Re: PC speaker driver (fwd)

From: David Woodhouse (dwmw2@infradead.org)
Date: Wed May 10 2000 - 09:10:25 EST


volodya@mindspring.com said:
> Most computers that I saw have a small nice speaker (the sort you
> could see in radios couple decades ago). The problem however is not
> with speaker but with the way it is driven (on and off if I remember
> correctly). That is the speaker can either be told to emit a square
> wave at a certain frequency (which is used for beeps) or you can drive
> that square wave with cpu. Hence unlike sound cards that have from 256
> to 65536 gradations (or more) pc speaker has 2.

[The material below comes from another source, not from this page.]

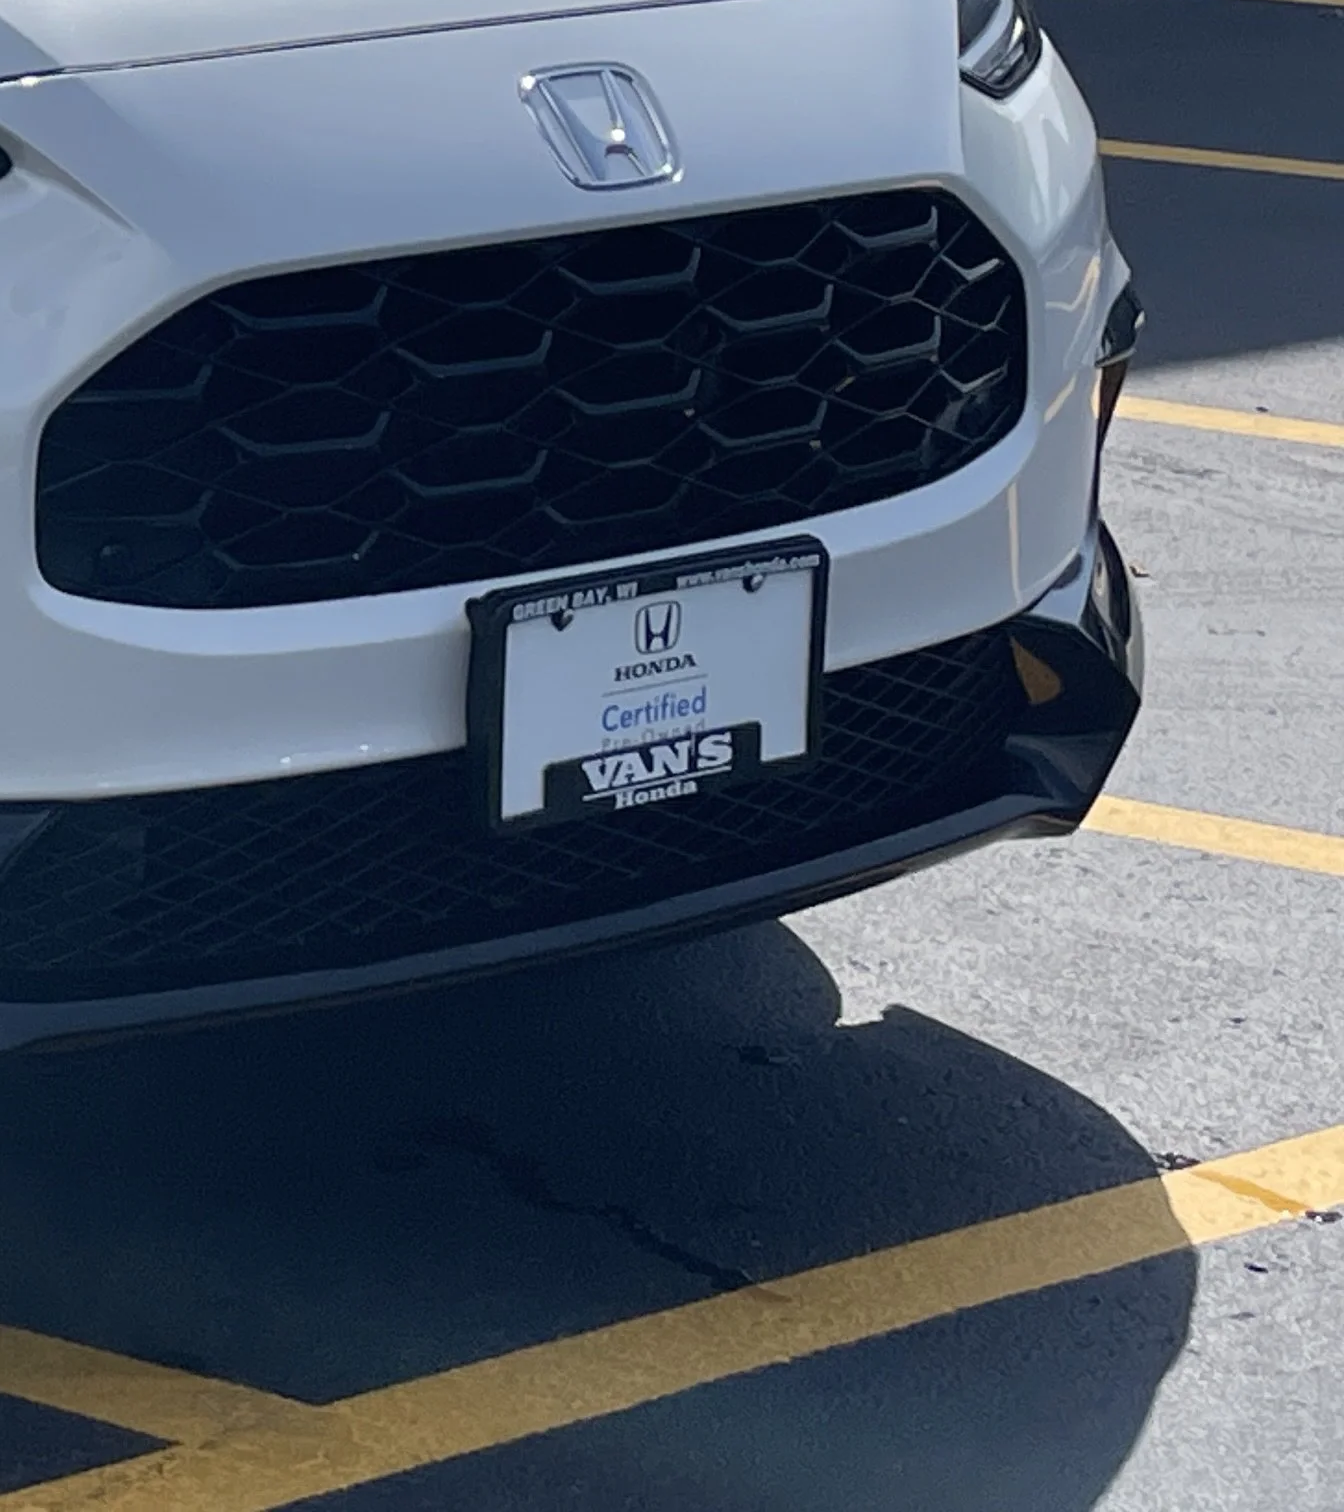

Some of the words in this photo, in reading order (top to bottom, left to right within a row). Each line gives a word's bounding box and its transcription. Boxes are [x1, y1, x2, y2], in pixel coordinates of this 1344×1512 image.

True. The speaker is attached to a single digital output line from a
one-shot timer, IIRC.

However, we're not quite as limited as you suggest. As you can expect a
small amount of capacitance, you can divide your time into small units,
and for each time unit, you allow the line to be set high for a percentage
of that time proportional to the desired analogue signal level at that
point.

As the speaker is actually connected to the output of a one-shot timer, life
is made relatively easy for us. The default setup of the PC speaker driver
is to set up an 18.4 KHz timer interrupt, then at each interrupt, you set
the one-shot timer for a length proportional to the line level you desire
at that time.

It's far from perfect quality, but it's quite effective.

However, it does involve nicking the 8253 timer from the system interrupt
and reprogramming it for 18KHz, then calling the old system interrupt
routine once in every 183(ish) times our new IRQ handler is called. This
isn't particularly clean, so it'd be nice to shift the system timer onto
the RTC when the PC speaker driver is in use.